Reactions against established religion can take several forms, including apostasy and atheism. The Gnostic and Manichean currents have been subversive currents, going against the established Churches.
The transgression of established norms is also a common feature of Shi’i currents, which generally use esoteric exegesis of the Qur’an as a way to dissociate themselves from Sunni Islam, or of Shi’i thinkers using such exegesis in order to renew their own tradition. Sufism often pursues a similar goal, trying to give more depth and meaning to a religion that may becoming purely legalistic.
APOSTASY AND ISLAMIC-CHRISTIAN RELATIONS
Christian Décobert studies the question of apostasy in the 13th-15th centuries. Charges and trials in apostasy (usually involving neoconverts to Islam) were often accompanied by anti-Christian acts of violence. The goal here is to understand this phenomenon in the historical, sociological and religious context of these times
THE POLITICAL DIMENSION OF SHI’I ISLAM: DIVINE AND HUMAN SOVEREIGNTY
Shi’i theories of guidance and leadership, with their political implications, are also forms of subversion, certainly in relation to Sunni Islam, but also within the Shi’i community, especially when Shi’ism became a state religion, as is was the case in Safavid Iran (16th-17th centuries), and when critics came from thinkers who have ambiguous relationships with the political and religious authorities. Having studied the various metaphysical constitutions of the religious doctrines of divine and human sovereignty in the major period of modern Imami philosophy (17th century), Christian Jambet further investigates the concept of direction or guidance. More specifically, he seeks to identify and describe the reasons why the philosopher demands a guide, becomes a guide himself, or demonstrates the need for the guide.
THE HUMAN SOUL AND "SAVOIR-VIVRE" IN MUSLIM MYSTICISM
Islamic mysticism, while claiming to be genuinely of Sunni obedience, has from its origins been marked by an ambiguous attitude towards the norms and doctrines of the established religion. Such is the case with questions of eschatology in ancient Sunni mystical literature, a theme explored by Pierre Lory. Here, the goal is to precisely studying how the use of notions designating the human soul (nafs, rûh, etc.) does evaluate; how these are related to concrete ascetical practices. Additionally, the research deals with the survival of soul after death as developed within the hadith literature, as well as the role of the intermediate dimension known as barzakh, of oneiric and visionary connections with the dead. Finally, the state of the resurrected, the nature of the bodies of resurrection, and the temporality of the afterlife are studied through ancient treatises on Sufism. The aims is to show how the mystics of this period, while claiming – even sincerely – to be very highly committed to Sunni orthodoxy, developed an original conception of temporality, where the "now", the "coming" and the "already there" intertwine in a deliberately ambiguous discourse.

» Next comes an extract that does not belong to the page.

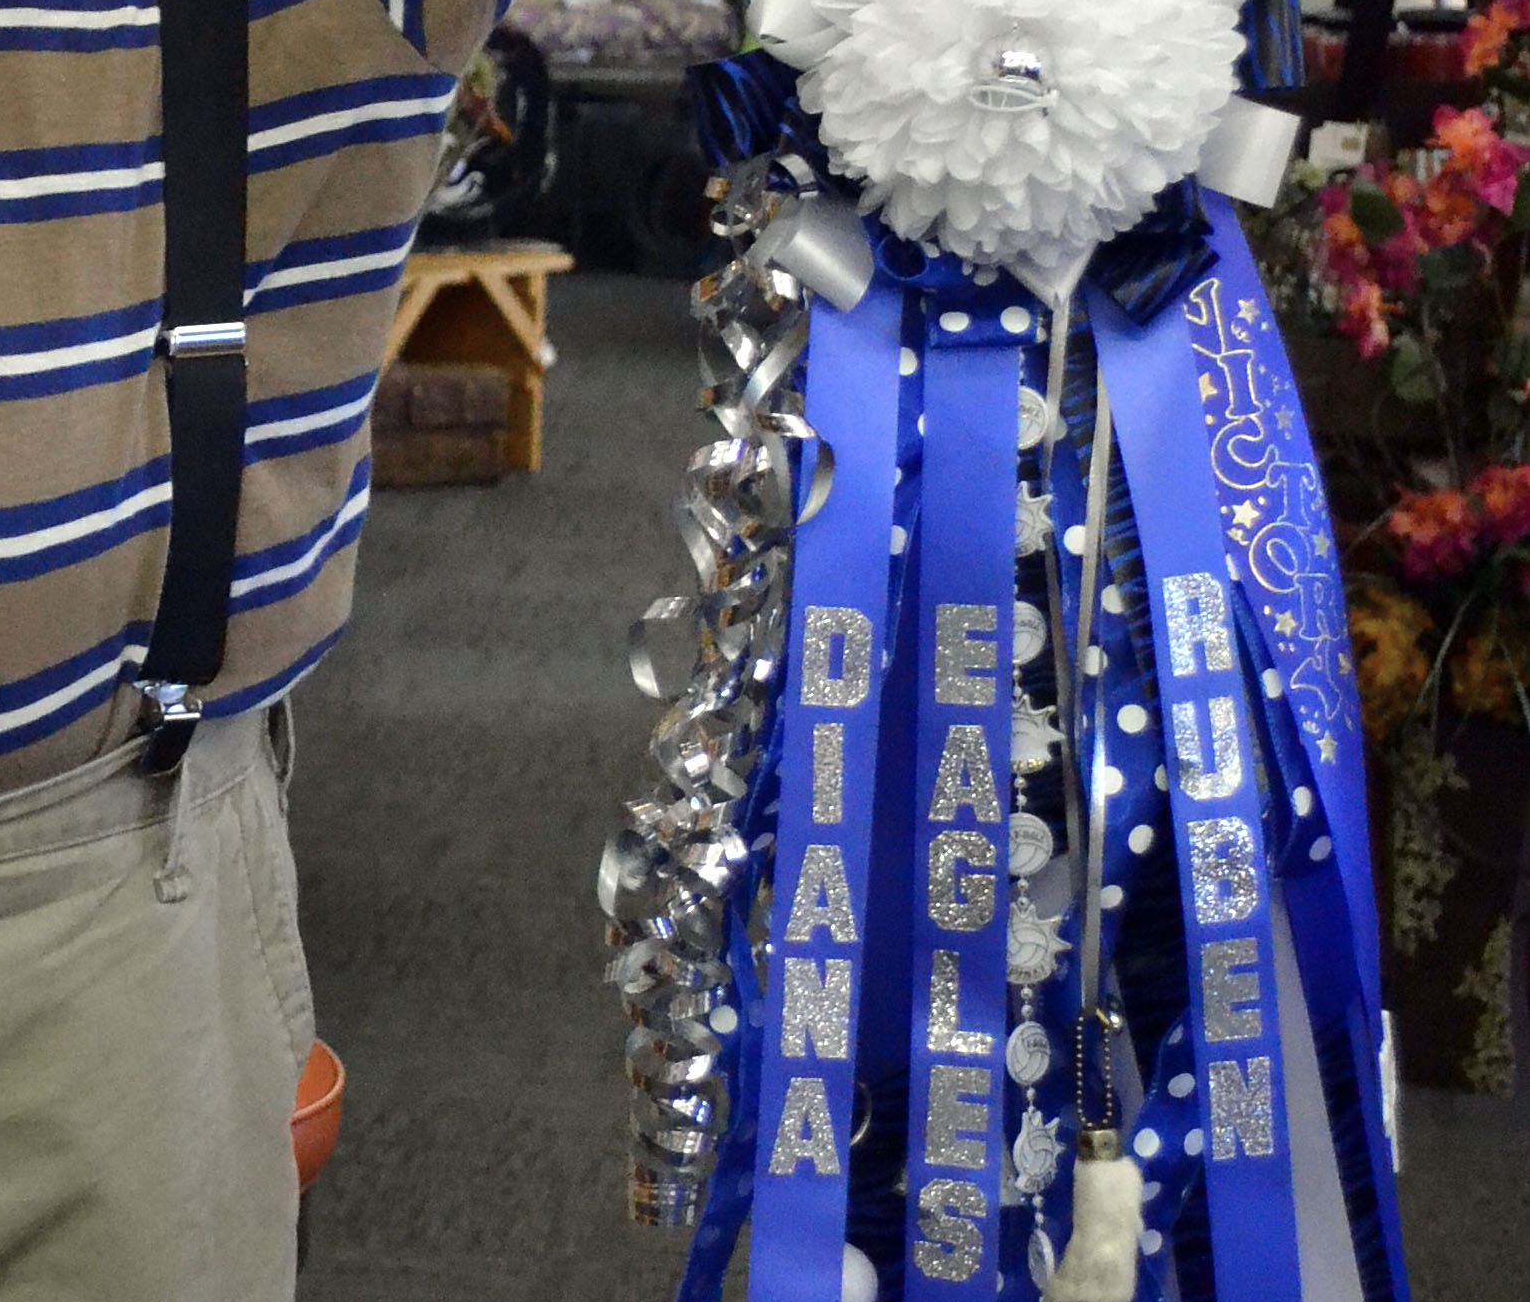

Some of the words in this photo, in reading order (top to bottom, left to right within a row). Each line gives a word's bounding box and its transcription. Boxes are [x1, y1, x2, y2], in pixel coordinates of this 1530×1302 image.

[769, 605, 873, 1176] DIANA
[913, 603, 1002, 1283] EAGLES
[1162, 571, 1276, 1162] RUBEN

– The adab due to God (inner attitude, obligatory and supererogatory spiritual practices, "pillars" of faith);
– the adab governing social relations (family, brotherhood, relationships with the master, close and distant entourage, society, power and money);
– the adab, which one should observe towards oneself ("examination of conscience", stations and states, lifestyles and pathways, attitudes in the face of adversity, illness or death).
THE QUESTION OF RELIGIOUS MODERNISM IN ISLAM
A particular form of innovation in religious matters is Muslim modernism, one of the leading figures of which is Rashid Rida, to whom Rainer Brunner has already devoted several studies. Rainer Brunner is interested in Islamic intellectual history, especially modernism and modern appropriations of classical concepts. He is also exploring Shi’i Islam, Sunni-Shi’i relations, the development of law (including public law), confessional relations within Islam, and the origin and development of the Salafiyya, the role of politics in theological reasoning, and Islam in Europe and the various problems related to Muslim presence in a secular environment.
In order to put these developments in context, he is planning, together with Stefan Reichmuth (University of Bochum), a study on the history of the Islamic world between the 16th and 19th centuries, offering an overview of the historical and intellectual development of Muslim countries.